About this exercise
For this exercise, repeat the whole listing below exactly. Leave the pictures out.

Data section

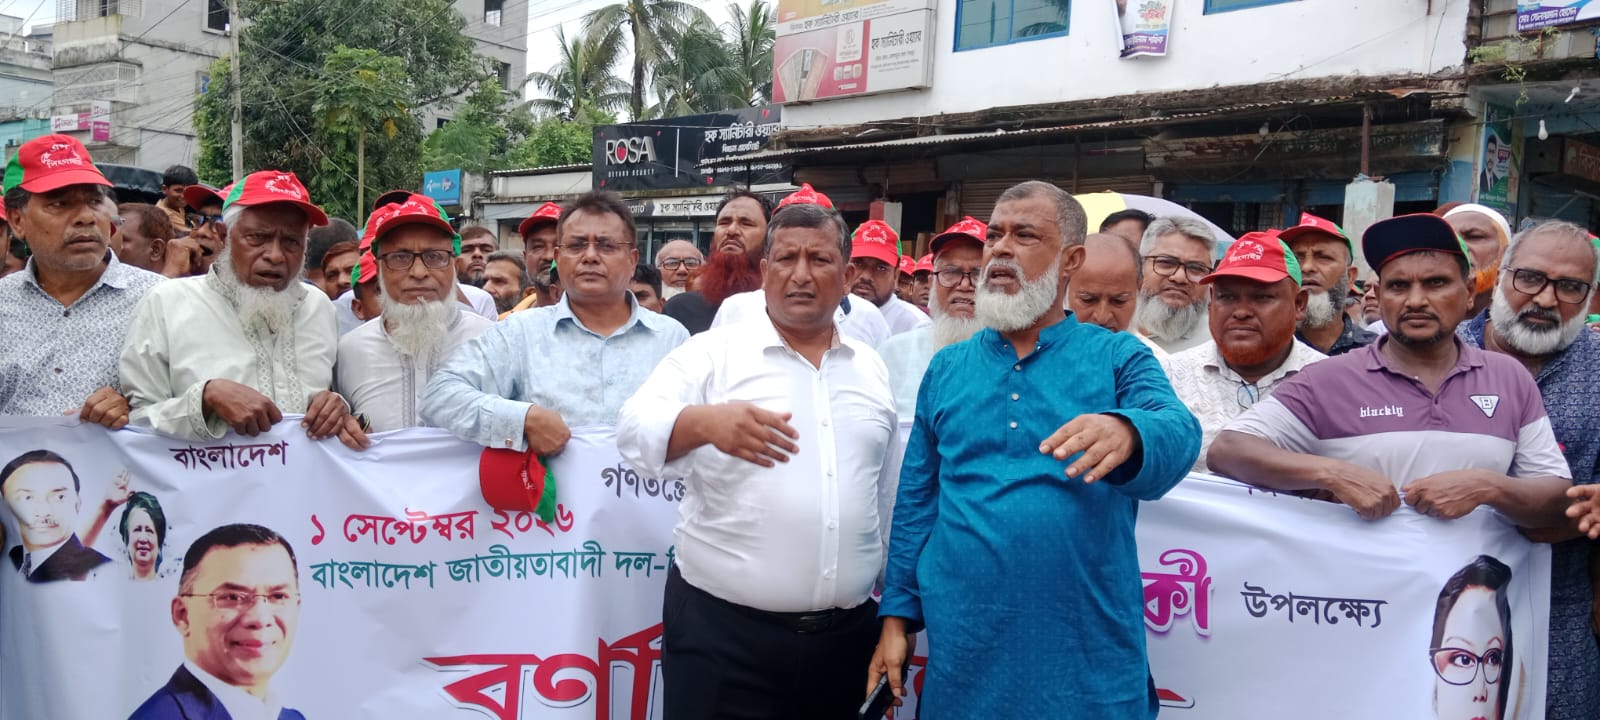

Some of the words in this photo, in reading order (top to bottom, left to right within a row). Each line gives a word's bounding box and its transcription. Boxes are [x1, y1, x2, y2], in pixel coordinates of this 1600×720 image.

[605, 136, 656, 166] ROSA
[168, 440, 288, 471] বাংলাদেশ
[311, 514, 325, 545] ১
[343, 507, 479, 545] সেপ্টেম্বর
[309, 557, 437, 590] বাংলাদেশ
[445, 540, 606, 583] জাতীয়তাবাদী
[1240, 581, 1388, 628] উপলক্ষ্যে

Reply to the exercise
Some of the words in this photo, in reading order (top to bottom, left to right within a row). Each line gives a word's bounding box and its transcription. Boxes are [x1, y1, x2, y2], in pixel coordinates of this 1600×720 image.

[605, 136, 656, 166] ROSA
[168, 440, 288, 471] বাংলাদেশ
[311, 514, 325, 545] ১
[343, 507, 479, 545] সেপ্টেম্বর
[309, 557, 437, 590] বাংলাদেশ
[445, 540, 606, 583] জাতীয়তাবাদী
[1240, 581, 1388, 628] উপলক্ষ্যে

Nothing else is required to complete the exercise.